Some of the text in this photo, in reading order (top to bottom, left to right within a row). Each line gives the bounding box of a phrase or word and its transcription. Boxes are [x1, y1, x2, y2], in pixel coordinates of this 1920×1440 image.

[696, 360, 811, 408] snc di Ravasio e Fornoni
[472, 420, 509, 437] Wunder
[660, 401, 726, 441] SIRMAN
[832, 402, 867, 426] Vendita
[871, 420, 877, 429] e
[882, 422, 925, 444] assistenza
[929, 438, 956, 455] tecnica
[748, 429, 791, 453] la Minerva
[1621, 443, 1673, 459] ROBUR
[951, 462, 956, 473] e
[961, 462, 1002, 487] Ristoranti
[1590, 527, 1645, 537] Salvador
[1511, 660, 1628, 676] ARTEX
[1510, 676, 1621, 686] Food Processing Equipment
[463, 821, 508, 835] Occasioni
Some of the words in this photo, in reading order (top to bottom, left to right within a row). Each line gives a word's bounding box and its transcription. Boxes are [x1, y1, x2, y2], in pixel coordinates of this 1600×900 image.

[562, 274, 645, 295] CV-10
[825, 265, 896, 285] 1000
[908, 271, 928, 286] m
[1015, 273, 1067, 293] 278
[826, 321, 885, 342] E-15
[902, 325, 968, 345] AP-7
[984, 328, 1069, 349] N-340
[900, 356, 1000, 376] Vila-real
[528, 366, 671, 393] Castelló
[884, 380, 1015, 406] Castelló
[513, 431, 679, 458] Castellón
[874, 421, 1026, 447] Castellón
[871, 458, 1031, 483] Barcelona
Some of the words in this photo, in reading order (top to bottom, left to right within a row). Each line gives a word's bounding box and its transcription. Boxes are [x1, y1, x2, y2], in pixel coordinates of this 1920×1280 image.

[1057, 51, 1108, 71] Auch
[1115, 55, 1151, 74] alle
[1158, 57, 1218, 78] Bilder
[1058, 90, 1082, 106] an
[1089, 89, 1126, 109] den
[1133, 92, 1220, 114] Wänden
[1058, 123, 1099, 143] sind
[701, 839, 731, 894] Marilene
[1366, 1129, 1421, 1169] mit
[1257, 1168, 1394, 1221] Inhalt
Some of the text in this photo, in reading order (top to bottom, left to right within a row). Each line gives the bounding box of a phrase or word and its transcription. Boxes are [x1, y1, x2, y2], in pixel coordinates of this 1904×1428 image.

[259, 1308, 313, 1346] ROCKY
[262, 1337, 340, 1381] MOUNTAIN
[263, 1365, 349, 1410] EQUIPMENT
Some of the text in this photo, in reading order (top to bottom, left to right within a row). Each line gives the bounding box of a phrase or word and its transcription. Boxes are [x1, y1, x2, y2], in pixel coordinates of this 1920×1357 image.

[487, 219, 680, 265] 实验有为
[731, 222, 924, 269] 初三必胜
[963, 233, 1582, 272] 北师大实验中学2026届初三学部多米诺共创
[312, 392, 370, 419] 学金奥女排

★ ★ ★

Problem to solve — Taking the line that contains "this 1904×1428 image." as the first and the last line of the material as the final one, transcribe that span exactly and include nothing else.

Solution to this exercise —
Some of the text in this photo, in reading order (top to bottom, left to right within a row). Each line gives the bounding box of a phrase or word and its transcription. Boxes are [x1, y1, x2, y2], in pixel coordinates of this 1904×1428 image.

[259, 1308, 313, 1346] ROCKY
[262, 1337, 340, 1381] MOUNTAIN
[263, 1365, 349, 1410] EQUIPMENT
Some of the text in this photo, in reading order (top to bottom, left to right within a row). Each line gives the bounding box of a phrase or word and its transcription. Boxes are [x1, y1, x2, y2], in pixel coordinates of this 1920×1357 image.

[487, 219, 680, 265] 实验有为
[731, 222, 924, 269] 初三必胜
[963, 233, 1582, 272] 北师大实验中学2026届初三学部多米诺共创
[312, 392, 370, 419] 学金奥女排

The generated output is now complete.